*Exercise*: Below are the records. Restate word for word every line from the one that contains "this 1920×1280 image." through the final line, both included.

(Phrase grounding data)
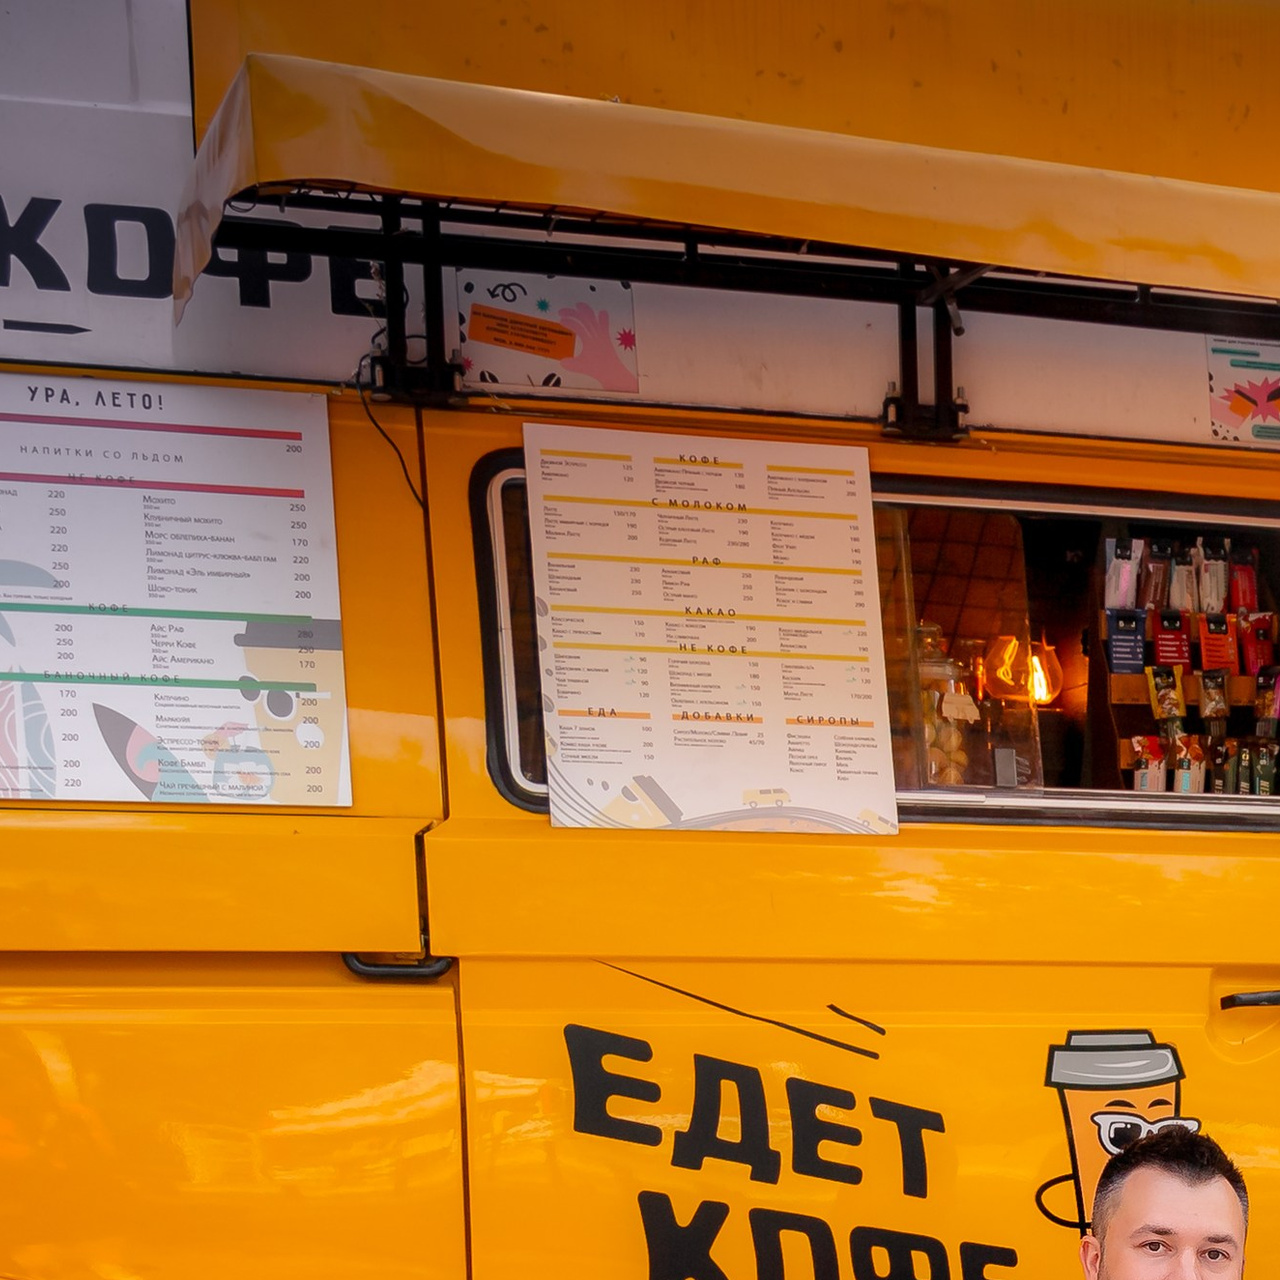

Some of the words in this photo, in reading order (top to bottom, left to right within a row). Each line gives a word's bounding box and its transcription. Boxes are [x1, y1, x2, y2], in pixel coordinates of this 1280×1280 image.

[27, 386, 80, 407] УРА,
[286, 444, 302, 453] 200
[20, 444, 94, 458] НАПИТКИ
[103, 450, 121, 459] СО
[131, 451, 185, 463] ЛЬДОМ
[680, 455, 719, 464] КОФЕ
[96, 474, 135, 483] КОФЕ
[48, 490, 65, 498] 220
[669, 499, 747, 511] МОЛОКОМ
[50, 508, 66, 516] 250
[50, 526, 67, 534] 220
[51, 544, 68, 552] 220
[693, 556, 721, 565] РАФ
[52, 562, 69, 570] 250
[53, 580, 70, 588] 200
[296, 591, 311, 599] 200
[89, 603, 128, 612] КОФЕ
[685, 607, 736, 617] КАКАО
[680, 644, 696, 652] НЕ
[707, 645, 747, 654] КОФЕ
[44, 671, 130, 680] БАНОЧНЫЙ
[140, 674, 180, 684] КОФЕ
[588, 707, 617, 717] ЕДА
[681, 711, 754, 721] ДОБАВКИ
[797, 715, 859, 725] СИРОПЫ
[63, 760, 80, 768] 200
[65, 779, 81, 787] 220
[564, 1023, 945, 1199] ЕДЕТ
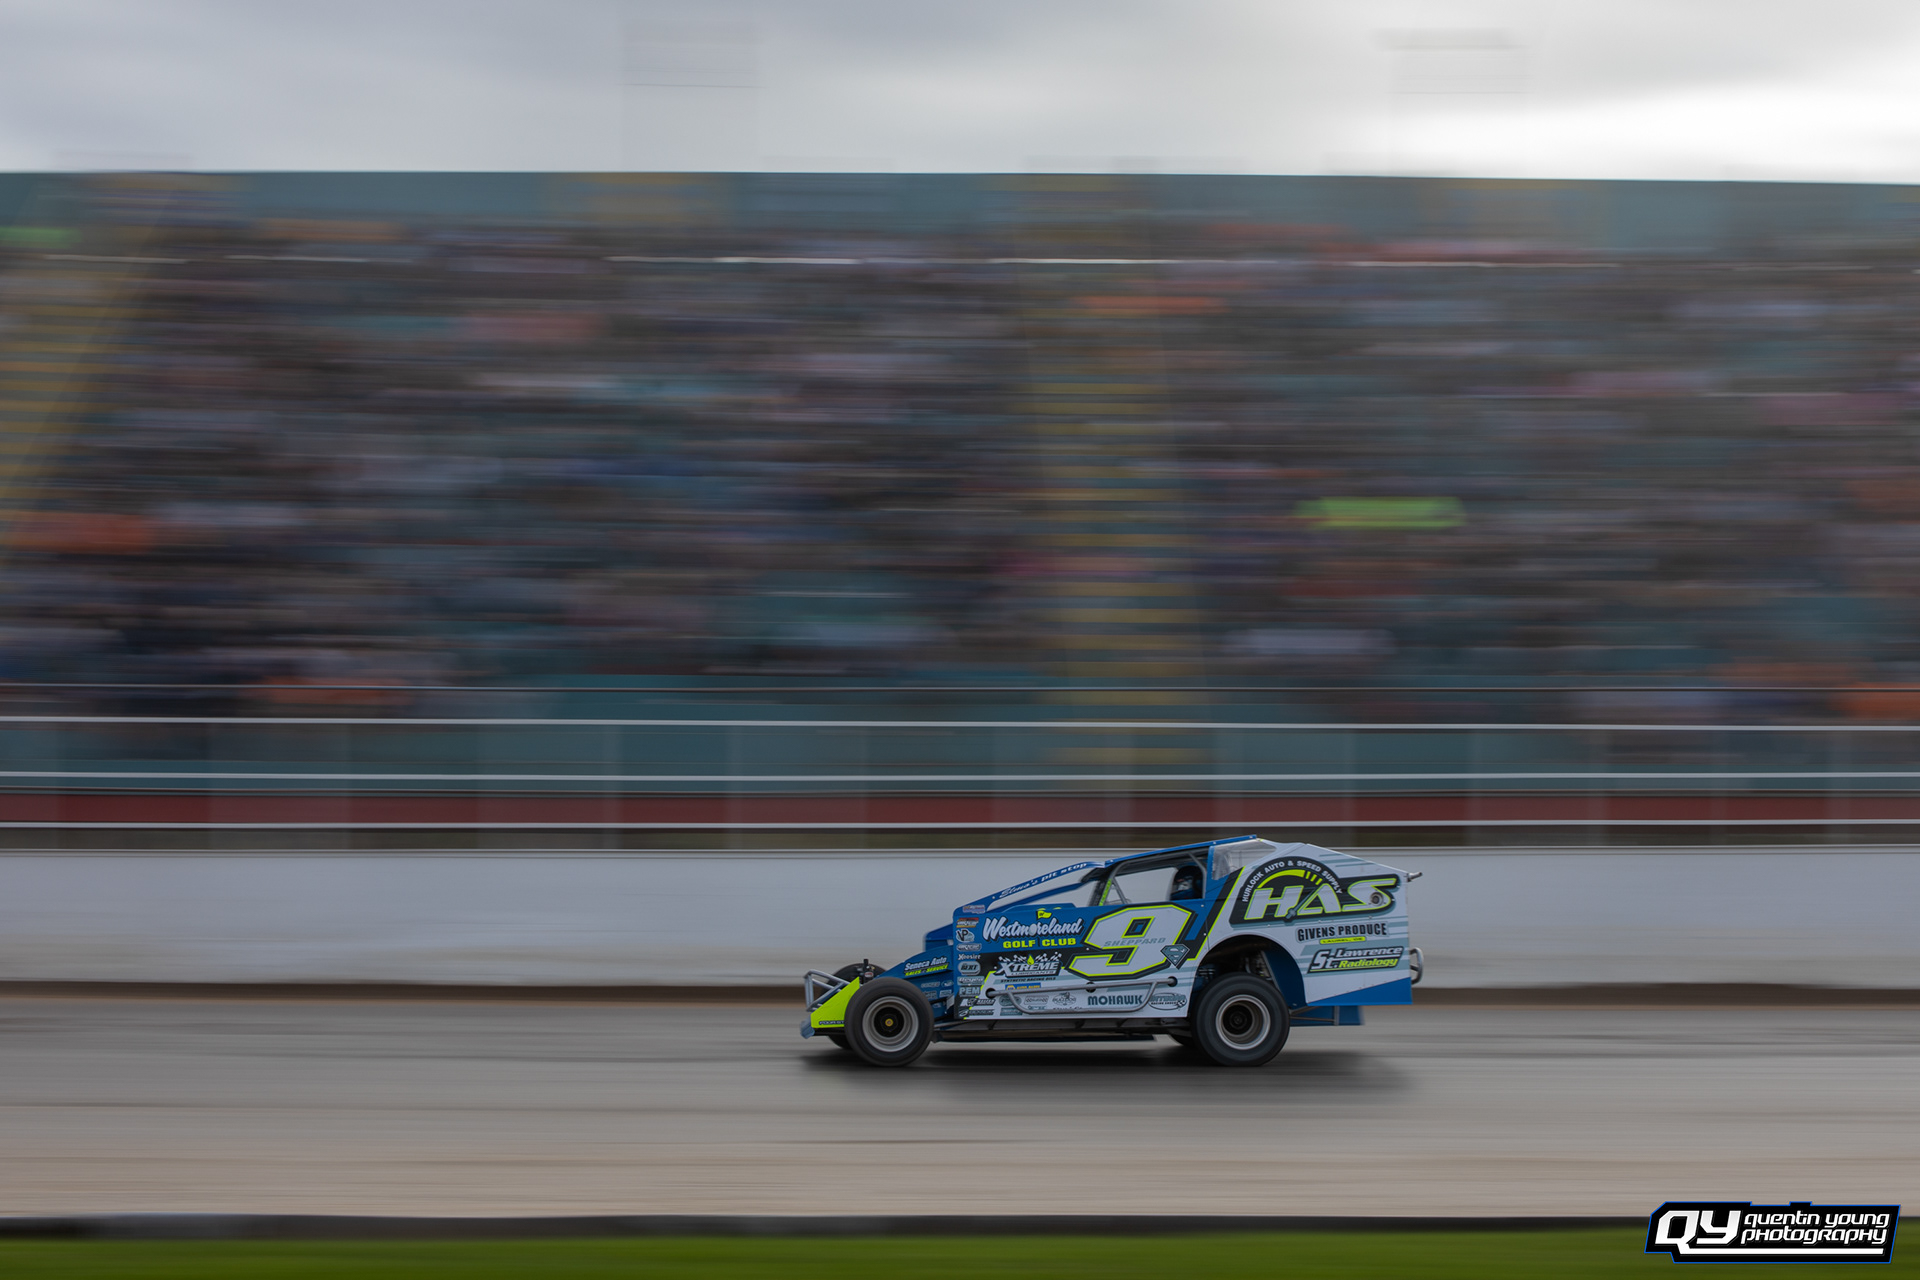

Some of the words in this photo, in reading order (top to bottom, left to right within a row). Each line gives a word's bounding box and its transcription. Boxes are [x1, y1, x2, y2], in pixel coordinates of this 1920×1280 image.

[1242, 871, 1264, 902] HURLOCK
[1264, 861, 1285, 874] AUTO
[1297, 860, 1322, 873] SPEED
[1321, 868, 1343, 895] SUPPLY
[1244, 878, 1397, 920] HAS
[983, 916, 1083, 940] Westmoreland
[1297, 926, 1335, 941] GIVENS
[1338, 923, 1387, 936] PRODUCE
[1003, 939, 1036, 949] GOLF
[1041, 938, 1076, 947] CLUB
[1069, 904, 1192, 977] 9
[1104, 937, 1166, 947] SHEPPARD
[1336, 947, 1403, 958] Lawrence
[904, 960, 930, 971] Seneca
[930, 957, 947, 966] Auto
[994, 962, 1061, 976] XTREME
[1338, 958, 1399, 969] Radiology
[960, 987, 980, 995] PEM
[1087, 994, 1143, 1006] MOHAWK

*Your response*:
Some of the words in this photo, in reading order (top to bottom, left to right within a row). Each line gives a word's bounding box and its transcription. Boxes are [x1, y1, x2, y2], in pixel coordinates of this 1920×1280 image.

[1242, 871, 1264, 902] HURLOCK
[1264, 861, 1285, 874] AUTO
[1297, 860, 1322, 873] SPEED
[1321, 868, 1343, 895] SUPPLY
[1244, 878, 1397, 920] HAS
[983, 916, 1083, 940] Westmoreland
[1297, 926, 1335, 941] GIVENS
[1338, 923, 1387, 936] PRODUCE
[1003, 939, 1036, 949] GOLF
[1041, 938, 1076, 947] CLUB
[1069, 904, 1192, 977] 9
[1104, 937, 1166, 947] SHEPPARD
[1336, 947, 1403, 958] Lawrence
[904, 960, 930, 971] Seneca
[930, 957, 947, 966] Auto
[994, 962, 1061, 976] XTREME
[1338, 958, 1399, 969] Radiology
[960, 987, 980, 995] PEM
[1087, 994, 1143, 1006] MOHAWK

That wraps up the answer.